• [What is expected]:
Transcribe, word for word, all of the entries below, and exclude any pictures from the copy.

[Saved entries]
——

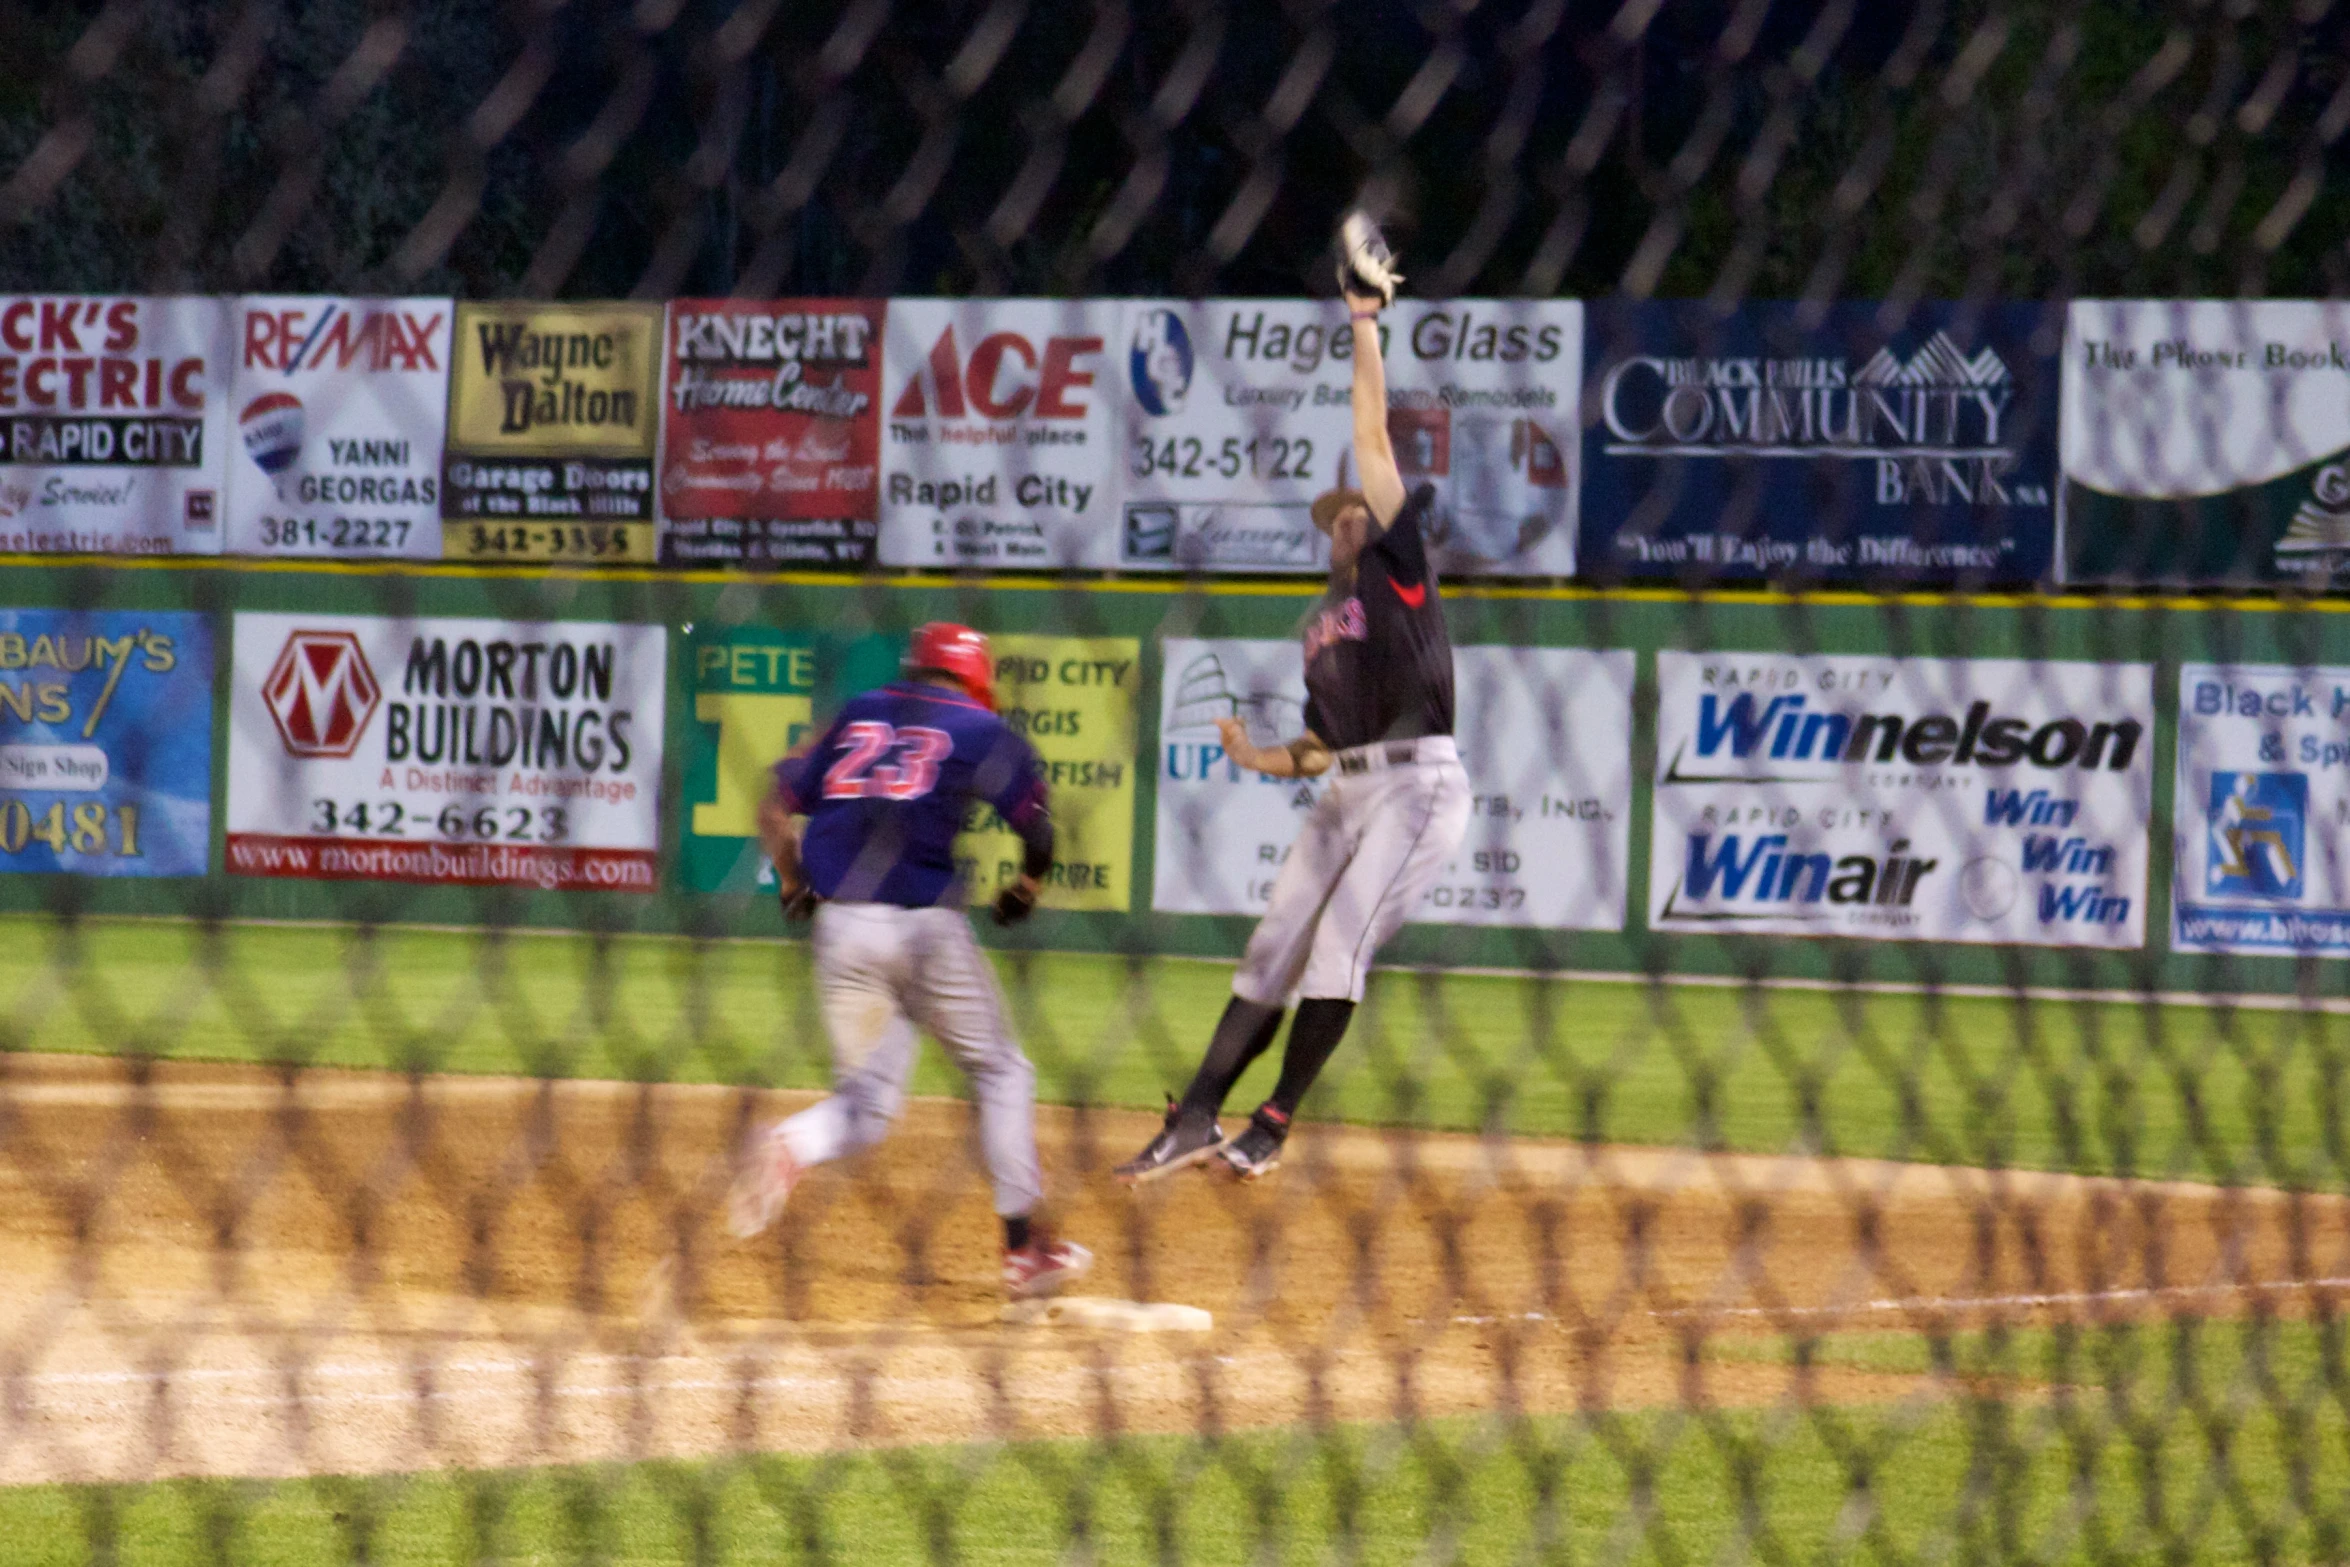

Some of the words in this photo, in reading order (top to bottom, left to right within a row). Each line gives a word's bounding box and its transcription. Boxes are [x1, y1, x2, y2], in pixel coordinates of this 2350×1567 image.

[244, 304, 442, 376] RE/MAX
[477, 322, 613, 387] Wayne
[676, 313, 869, 363] KNECHT
[1410, 312, 1562, 363] Glass
[891, 322, 1104, 419] ACE
[1664, 357, 1761, 388] BLACK
[501, 380, 636, 433] Dalton
[1223, 384, 1307, 412] Luxury
[1602, 355, 2012, 443] COMMUNITY
[12, 422, 114, 460] RAPID
[123, 424, 200, 462] CITY
[329, 439, 411, 468] YANNI
[890, 423, 929, 444] The
[1026, 424, 1088, 446] place
[451, 463, 554, 494] Garage
[563, 463, 650, 491] Doors
[1132, 436, 1314, 480] 342-5122
[301, 476, 437, 505] GEORGAS
[888, 472, 997, 512] Rapid
[1015, 472, 1094, 514] City
[1876, 457, 2012, 505] BANK
[260, 517, 412, 549] 381-2227
[403, 637, 615, 701] MORTON
[698, 644, 814, 687] PETE
[1059, 660, 1131, 687] CITY
[1702, 667, 1798, 689] RAPID
[1818, 668, 1894, 690] CITY
[2194, 680, 2313, 719] Black
[385, 703, 632, 773] BUILDINGS
[1696, 691, 2144, 772] Winnelson
[54, 756, 103, 781] Shop
[821, 718, 955, 801] 23
[379, 768, 395, 790] A
[406, 768, 497, 795] Distinct
[510, 772, 637, 806] Advantage
[1982, 788, 2080, 828] Win
[0, 801, 143, 857] 0481
[311, 798, 570, 842] 342-6623
[1703, 804, 1800, 829] RAPID
[1819, 808, 1894, 830] CITY
[1684, 834, 1938, 906] Winair
[2021, 835, 2116, 876] Win
[2037, 882, 2131, 925] Win

——

• [Exercise result]:
Some of the words in this photo, in reading order (top to bottom, left to right within a row). Each line gives a word's bounding box and its transcription. Boxes are [x1, y1, x2, y2], in pixel coordinates of this 2350×1567 image.

[244, 304, 442, 376] RE/MAX
[477, 322, 613, 387] Wayne
[676, 313, 869, 363] KNECHT
[1410, 312, 1562, 363] Glass
[891, 322, 1104, 419] ACE
[1664, 357, 1761, 388] BLACK
[501, 380, 636, 433] Dalton
[1223, 384, 1307, 412] Luxury
[1602, 355, 2012, 443] COMMUNITY
[12, 422, 114, 460] RAPID
[123, 424, 200, 462] CITY
[329, 439, 411, 468] YANNI
[890, 423, 929, 444] The
[1026, 424, 1088, 446] place
[451, 463, 554, 494] Garage
[563, 463, 650, 491] Doors
[1132, 436, 1314, 480] 342-5122
[301, 476, 437, 505] GEORGAS
[888, 472, 997, 512] Rapid
[1015, 472, 1094, 514] City
[1876, 457, 2012, 505] BANK
[260, 517, 412, 549] 381-2227
[403, 637, 615, 701] MORTON
[698, 644, 814, 687] PETE
[1059, 660, 1131, 687] CITY
[1702, 667, 1798, 689] RAPID
[1818, 668, 1894, 690] CITY
[2194, 680, 2313, 719] Black
[385, 703, 632, 773] BUILDINGS
[1696, 691, 2144, 772] Winnelson
[54, 756, 103, 781] Shop
[821, 718, 955, 801] 23
[379, 768, 395, 790] A
[406, 768, 497, 795] Distinct
[510, 772, 637, 806] Advantage
[1982, 788, 2080, 828] Win
[0, 801, 143, 857] 0481
[311, 798, 570, 842] 342-6623
[1703, 804, 1800, 829] RAPID
[1819, 808, 1894, 830] CITY
[1684, 834, 1938, 906] Winair
[2021, 835, 2116, 876] Win
[2037, 882, 2131, 925] Win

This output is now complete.